The two lawsuits against Swift are separate, but the lawyers describe both as painting a picture of a company that, after it was purchased by Hicks's HM Capital Partners, systematically and deliberately purged injured legal resident workers and replaced them with illegal Guatemalans. "When the venture capital cowboys come to town, they know where to find the money," Reyes says of the Dallas investment firm.

"What really upsets me is that ICE arrests all these immigrants working in terrible conditions, and yet the CEOs in their suites are left untouched," Garcia says.

A former worker who is not a plaintiff but says he'd like to join the RICO lawsuit says managers helped two of his friends who were in the country illegally get jobs at the plant. Genaro Cantú, a 37-year-old McAllen-born man who worked at the plant for 14 years, alleges it was common knowledge that Arriaga helped illegal immigrants get jobs. One day in 2003 or 2004, he says, he told Arriaga he had two friends who were looking for work but weren't legal residents. "He said each one would have to pay $1,000 and to just make sure that the Social Security numbers were real," Cantú claims. Arriaga allegedly told him to take the men to Leonore Hernandez, an employment manager who, according to a deposition, was later fired for taking kickbacks. Cantú says he went with the men and watched them pay her $1,000 each in cash. They'd bought stolen IDs from someone in Cactus, he says, and both were hired. The Mexican man has since left the plant, and the Guatemalan was fired after the raids, Cantú says.

Asked if he was willing to tell his story on the record, Cantú replied, "I want to testify. I'll tell Arriaga to his face in court." The former worker says Arriaga fired him last July after he complained that he was doing the work of two people, though the manager told him he was being terminated for fighting. In a deposition, Arriaga denied all of these allegations. He didn't return phone calls from the newspaper requesting comment.
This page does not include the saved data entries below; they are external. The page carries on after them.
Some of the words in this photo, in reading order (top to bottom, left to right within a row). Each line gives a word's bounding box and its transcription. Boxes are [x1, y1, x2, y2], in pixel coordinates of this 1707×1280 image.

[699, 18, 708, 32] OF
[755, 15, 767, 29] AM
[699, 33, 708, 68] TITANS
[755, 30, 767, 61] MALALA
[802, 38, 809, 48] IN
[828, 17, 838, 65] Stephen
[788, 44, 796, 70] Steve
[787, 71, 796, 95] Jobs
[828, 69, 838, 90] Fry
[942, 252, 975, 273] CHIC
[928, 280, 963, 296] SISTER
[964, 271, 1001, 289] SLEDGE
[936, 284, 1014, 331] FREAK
Numerous other former workers said it was common knowledge that a large number of employees were using stolen IDs. Serrato, the 62-year-old who worked in the hide department for 18 years, says his granddaughter's husband worked at the plant using someone else's Social Security number and discovered that child support was being withdrawn from his checks. Such accounts are similar to others chronicled by The Dallas Morning News last November. There was an Iraq war veteran who was jailed on a DWI-related offense he knew nothing about and a mother who nearly lost food stamps and Medicaid benefits because a Guatemalan immigrant was using her Social Security number to work at Swift.

Several former employees say there were even underage Guatemalans working at the plant. Margie Salazar says she often ran into boys who worked on the kill floor who looked like they were her kids' age -- 13 or 14 -- with new mustaches just coming in. Once she asked one of them how old he was. Thirteen, he told her. "Why are you working here?" she asked. "We need the work, we need the money," he replied.
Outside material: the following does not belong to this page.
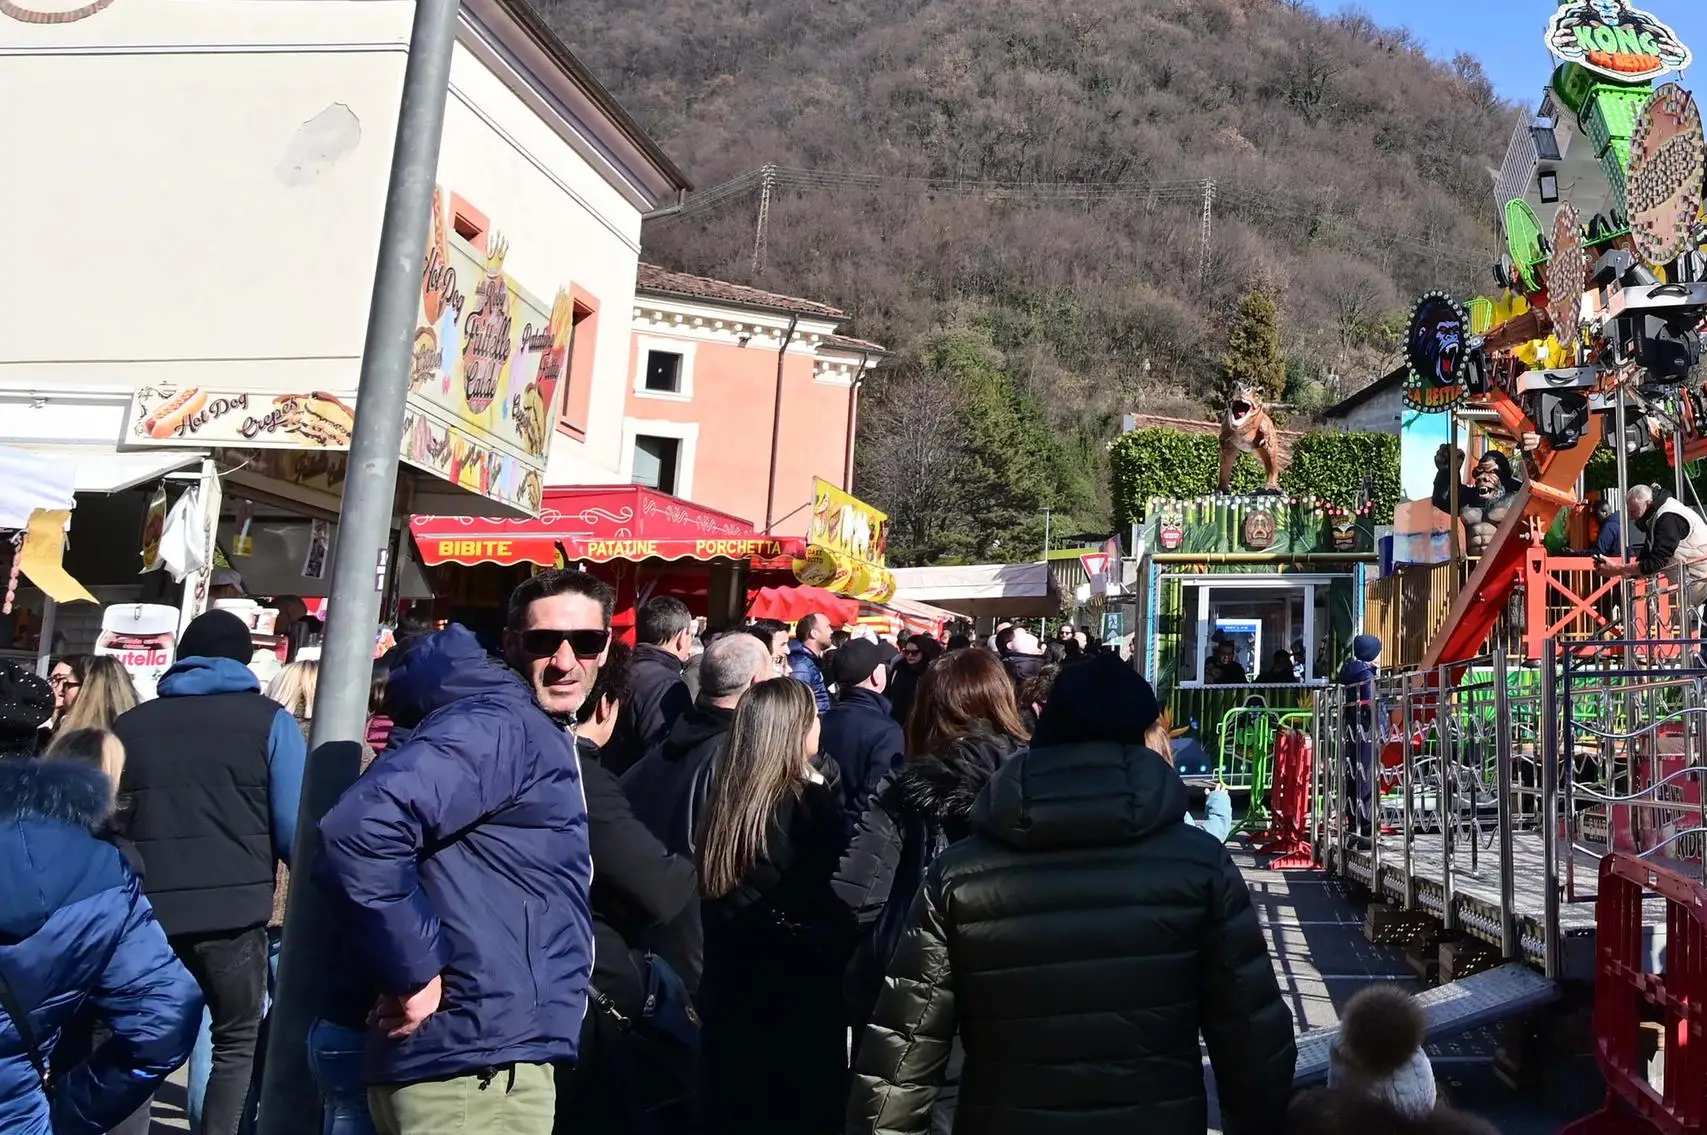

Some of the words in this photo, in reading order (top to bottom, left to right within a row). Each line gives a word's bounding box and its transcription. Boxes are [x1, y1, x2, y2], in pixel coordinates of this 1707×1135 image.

Serrato, Salazar and others also said that vans, even buses, full of Guatemalans would sometimes arrive at the plant.

What makes the former workers so angry is not only that they assume they lost their jobs to these immigrants but that the Guatemalans' illegal status and their fear of complaining or reporting injuries made conditions worse for everybody.
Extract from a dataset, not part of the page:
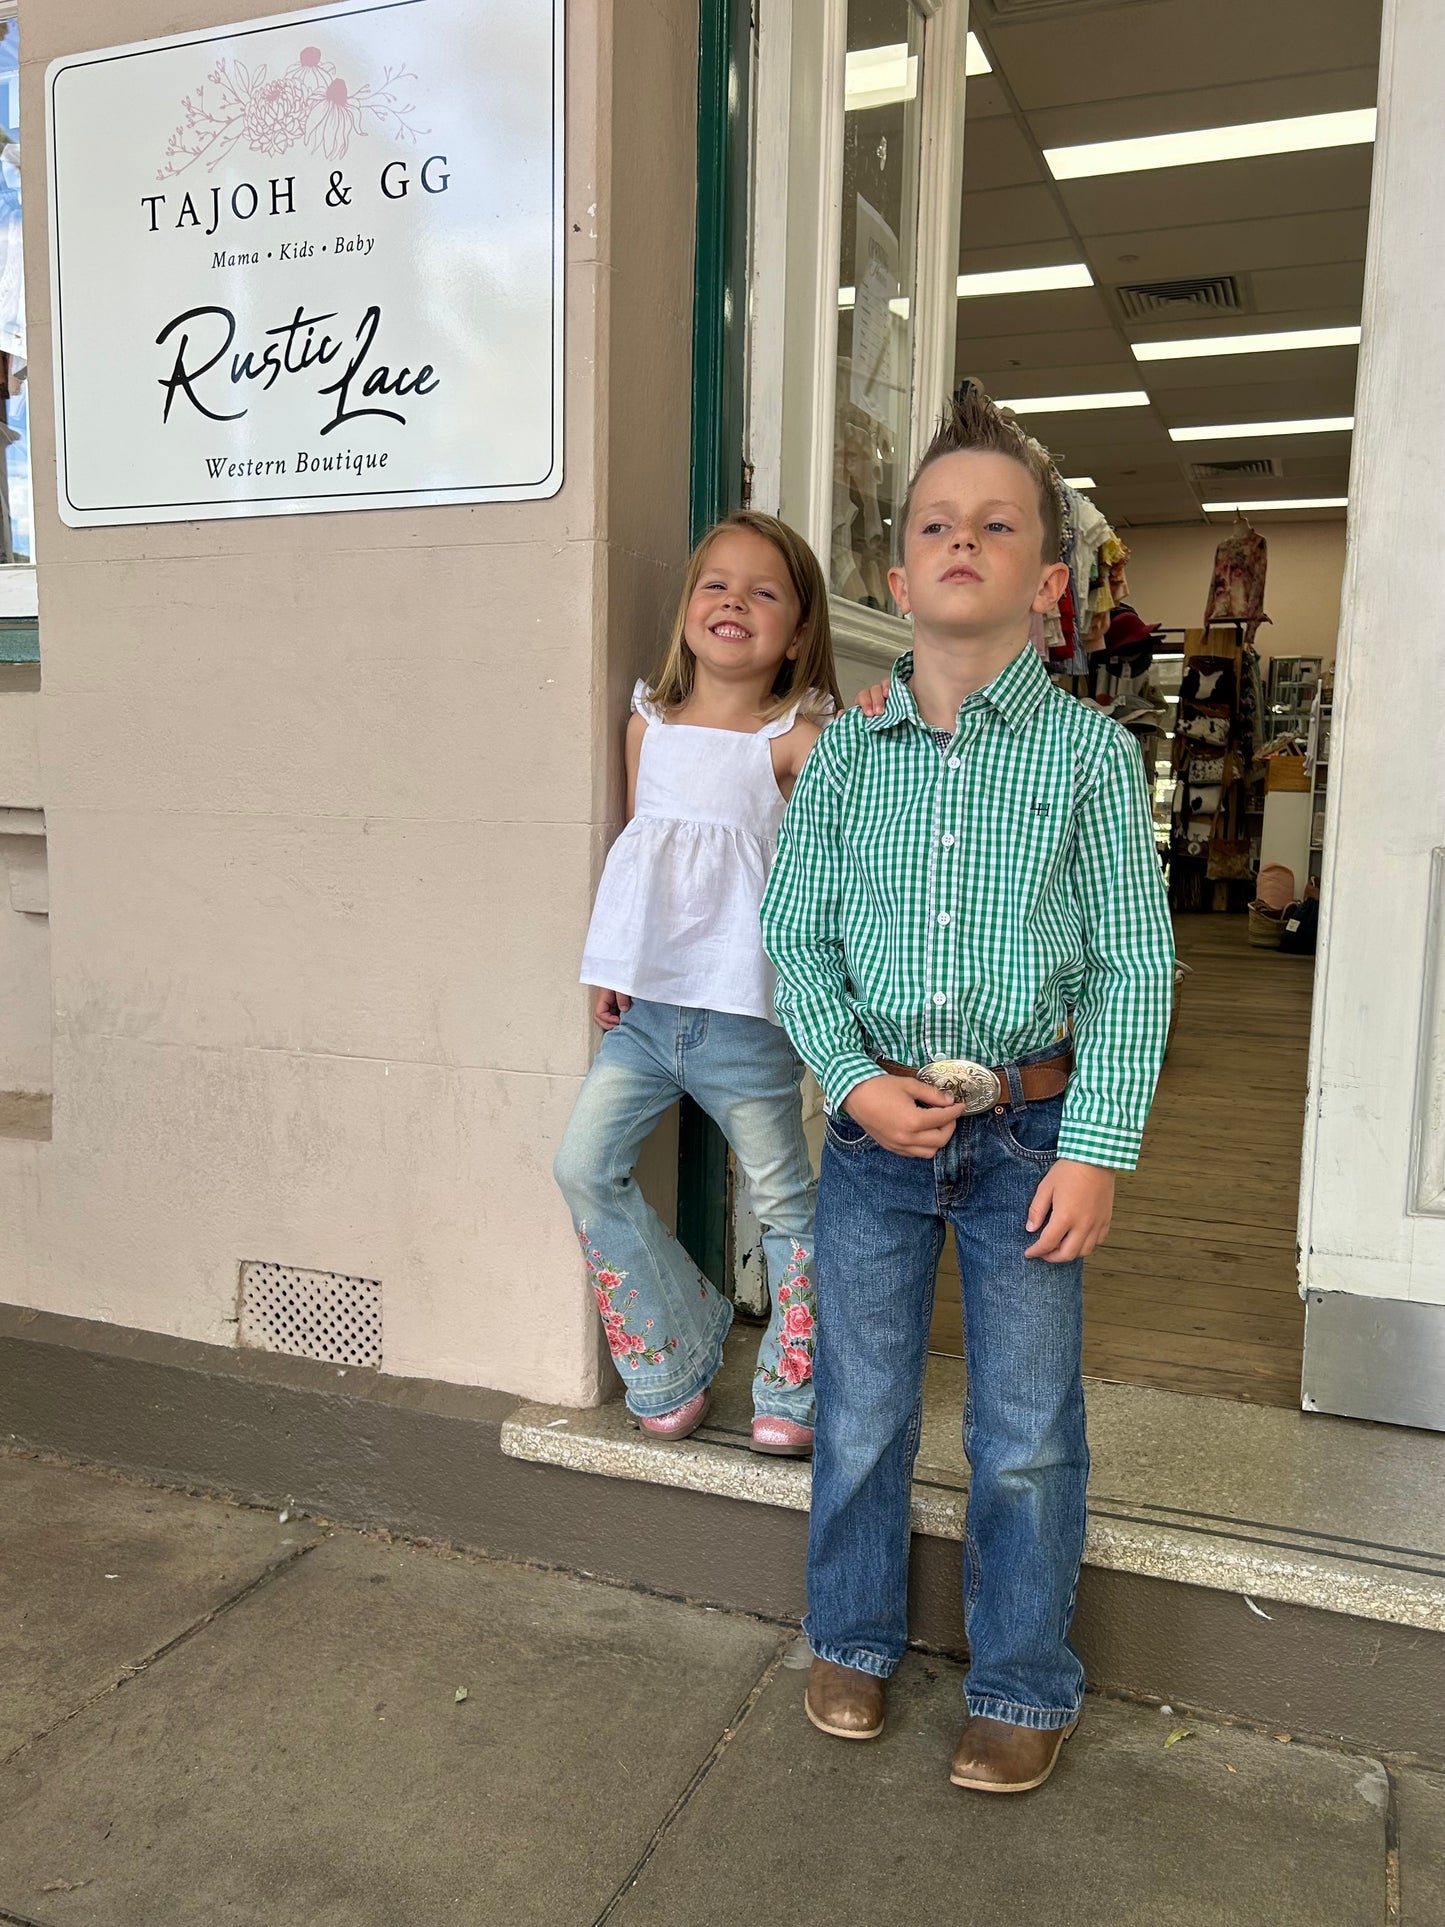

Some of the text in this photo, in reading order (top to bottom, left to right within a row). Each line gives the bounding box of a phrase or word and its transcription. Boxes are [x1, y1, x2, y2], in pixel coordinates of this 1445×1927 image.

Shortly after HM Capital Partners and Booth Creek Management bought a majority interest in ConAgra Foods' beef and pork processing business in September 2002, rumors of firings began circulating at the Cactus plant. By that time Blanca Valenzuela had left her leadership position at the union, so she asked one of the union leaders about the rumors. He said they were true. "Is my name on the list?" she asked. He nodded. "What are you going to do about it?" "There's nothing we can do about it," he answered, explaining that orders had come from corporate headquarters to get rid of injured workers. McHugh says the new policy was agreed upon between management and the union. Local Union 540 leaders at the plant did not return phone calls for comment.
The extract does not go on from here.